Monday, August 22, 2011

Do shamans lose consciousness on airplanes?

Does the ability to achieve unconsciousness on a plane signify a higher consciousness? is the somewhat  misleading intro on the home page (upper right) of today's New York Times.


Opinion
VIRGINIA HEFFERNAN
How to Sleep on a Plane
Does the ability to achieve unconsciousness on a plane indicate, in fact, a higher consciousness?

On reading  the blog, it turns out to be a pop culture take on higher consciousness, purely a fluff piece. I wonder what the author really knows about shamanism. She doesn't develop a provocative idea beyond the banal. To be fair, the unnamed front page title picker got it wrong.

With the closed-mouth solemnity of a dignitary lying in state, airplane sleepers seem to me shamanistic. They’re at one with the Virgin Atlantic or JetBlue heavens. In the passenger murmur, overhead beeps and engine hum they hear a lullaby.

Maybe Virginia is on to something. Despite feeling lied to by the title, I have occasionally wondered about the association between air travel and a higher consciousness, and I'm not talking about the ability to sleep.  I had the unfortunate experience landing in Vancouver with Chris a couple of weeks ago, when he passed out briefly on our descent. This is the second time I have sat next to him on an airplane and something unusual happened. The first time was when we flew back from  England after his university interview in 2001 and he got a cracking head pain as we began our descent. I mark that occasion as the first clue that he would go on to develop psychosis. The pain mysteriously vanished on landing, but Chris began tapping his head in the same way that Russell Crowe portrayed John Nash sliding into psychosis.

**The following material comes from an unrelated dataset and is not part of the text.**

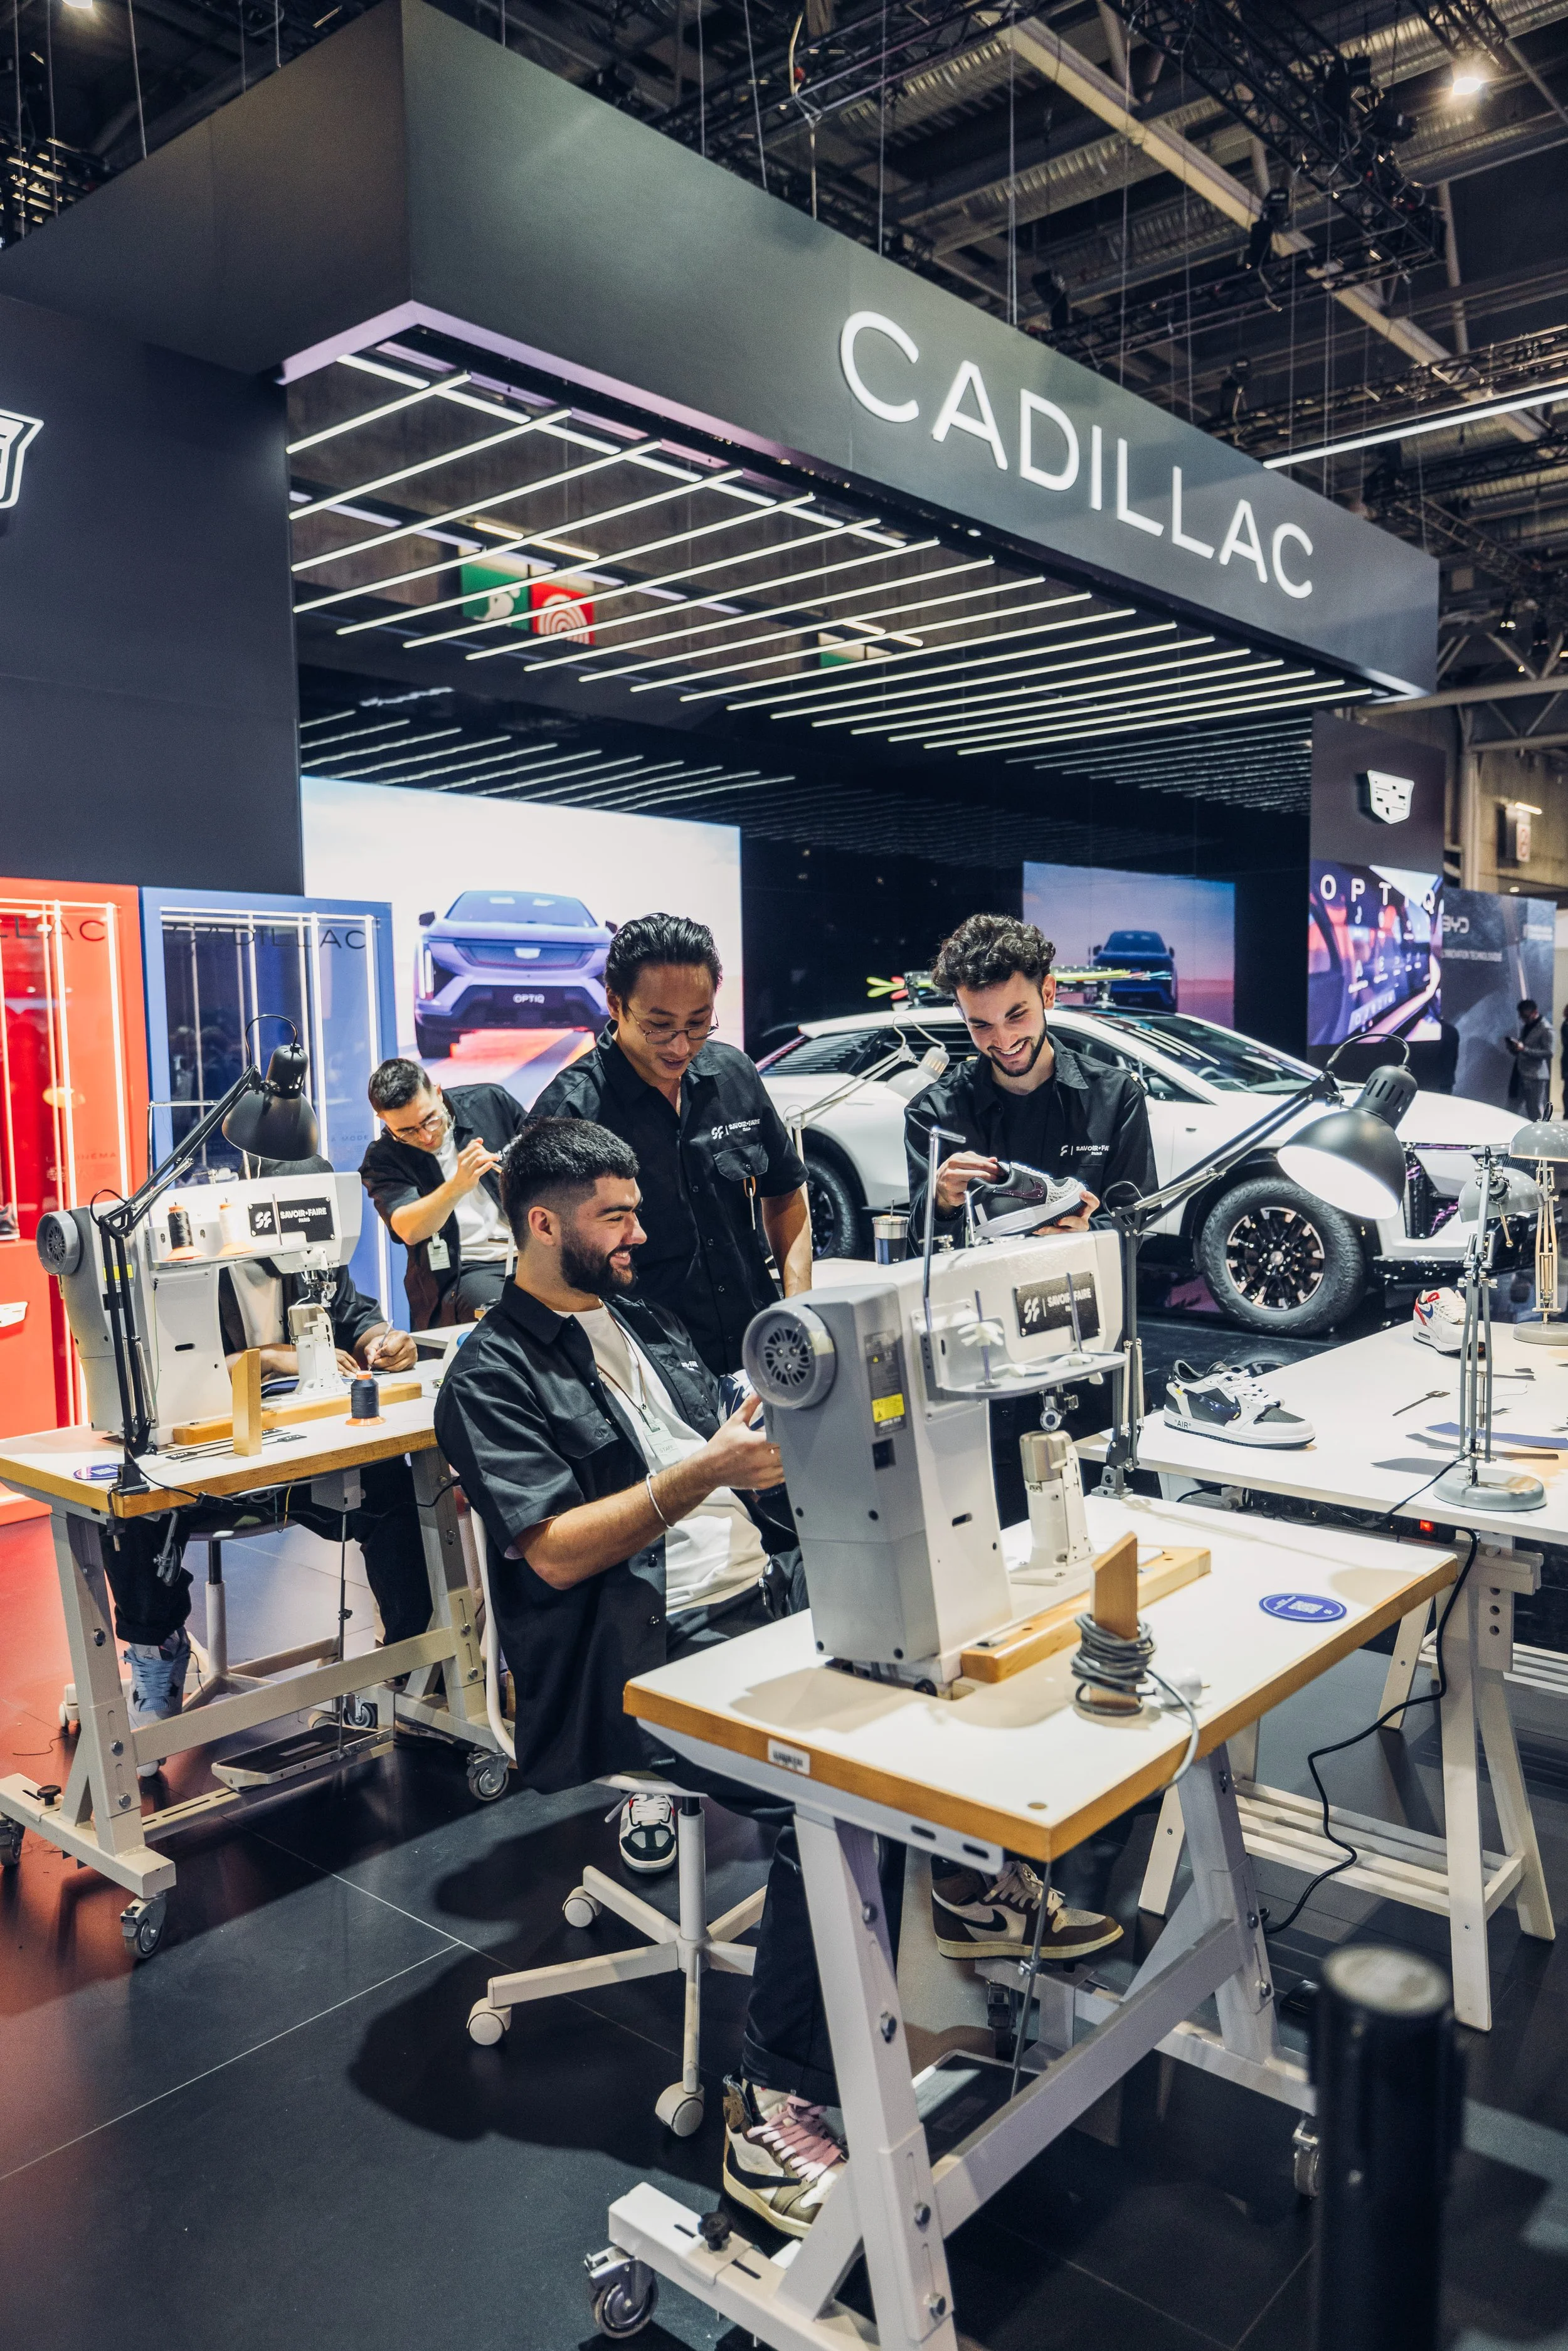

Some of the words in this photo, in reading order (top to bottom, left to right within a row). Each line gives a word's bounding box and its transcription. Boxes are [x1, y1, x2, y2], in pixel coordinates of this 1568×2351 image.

[840, 310, 1313, 599] CADILLAC
[1442, 915, 1470, 933] BYD
[513, 994, 545, 1004] OPTIQ

The rational explanation is the first thing we look for, but the explanation may not be rational. The doctor in the seat next to me in Vancouver asked if Chris is diabetic (I sure hope not!) and hearing that he wasn't, he thought it might be low blood pressure. Chris's psychiatrist, Dr. Stern, thought it might be anxiety. Who knows? I favor the higher consciousness explanation.

Has anyone else experienced something similar on a plane or thinks that, indeed, there is something godlike going on?